W czwartek amerykański niszczyciel rakietowy USS Dewey przepłynął w odległości mniejszej niż 12 mil morskich od rafy Mischief, jednej z szeregu wysp w archipelagu Spratly na Morzu Południowochińskim, o które Pekin toczy spory terytorialne z krajami regionu.

Był to pierwszy manewr przeprowadzony w ramach tzw. swobody żeglugi na spornym terenie za prezydentury Donalda Trumpa. Podczas prezydentury Baracka Obamy amerykańska marynarka czterokrotnie dokonywała takich manewrów w odległości dozwolonej przez prawo międzynarodowe.

Rafa Mischief przez kilkanaście miesięcy była rozbudowywana przez chińskie pogłębiarki, a obecnie znajdują się na niej instalacje wojskowe. Teren rafy został wymieniony wraz z wieloma innymi w ubiegłorocznym wyroku Stałego Trybunału Arbitrażowego w Hadze jako nieprawomocnie przejęty przez Chiny.

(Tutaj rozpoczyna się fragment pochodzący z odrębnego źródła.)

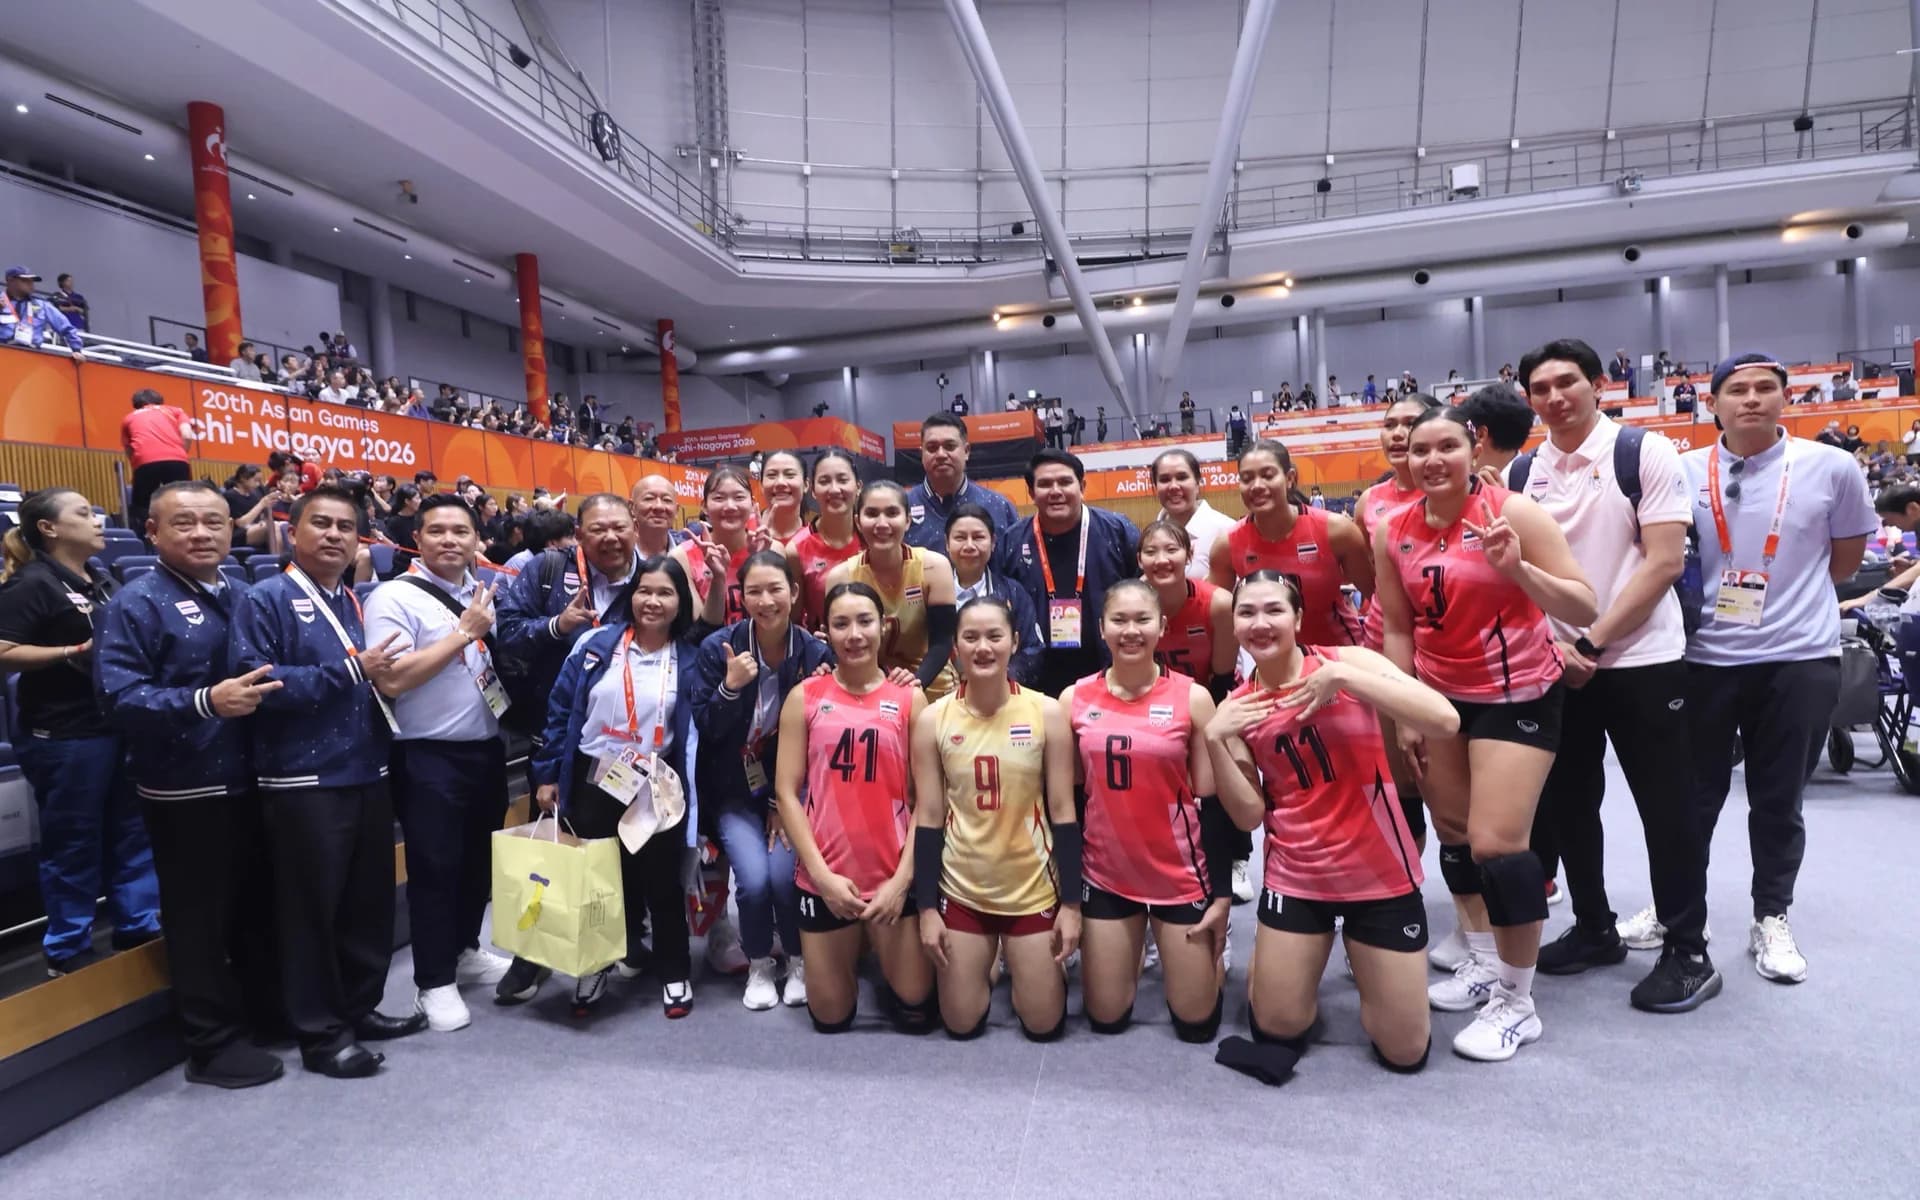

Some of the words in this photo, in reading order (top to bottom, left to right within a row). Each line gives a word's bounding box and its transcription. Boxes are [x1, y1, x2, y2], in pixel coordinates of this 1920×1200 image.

Sprawę wniosły do trybunału w 2013 roku Filipiny.

W kwietniu dowódca amerykańskiej floty Azji i Pacyfiku admirał Harry Harris przyznał, że USA będą chciały dokonywać manewrów swobody żeglugi na terenie Morza Południowochińskiego. Nie podał jednak szczegółów dotyczących miejsc czy czasu planowanych akcji. Biały Dom nie skomentował na razie manewru USS Dewey.

Chiny roszczą sobie prawa do większości akwenu Morza Południowochińskiego, przez który rocznie transportowane są towary i surowce o szacowanej wartości ponad 5 bln dolarów. Roszczenia terytorialne dotyczą Spratly i wysp Paracelskich i od lat wywołują konflikty z krajami regionu, głównie z Wietnamem, Filipinami, Brunei i Tajwanem, a także w mniejszym stopniu z Malezją i Indonezją.

Ostatni manewr, o którym poinformowali pragnący zachować anonimowość przedstawiciele amerykańskiego rządu, na których powołuje się Reuters, jest przez obserwatorów nazywany testem dla relacji między Trumpem a chińskim prezydentem Xi Jinpingiem. Ostatnie tygodnie upłynęły amerykańskiemu przywódcy pod znakiem spotkań, rozmów telefonicznych i deklaracji o pogłębianiu przyjaźni z chińskim przywódcą.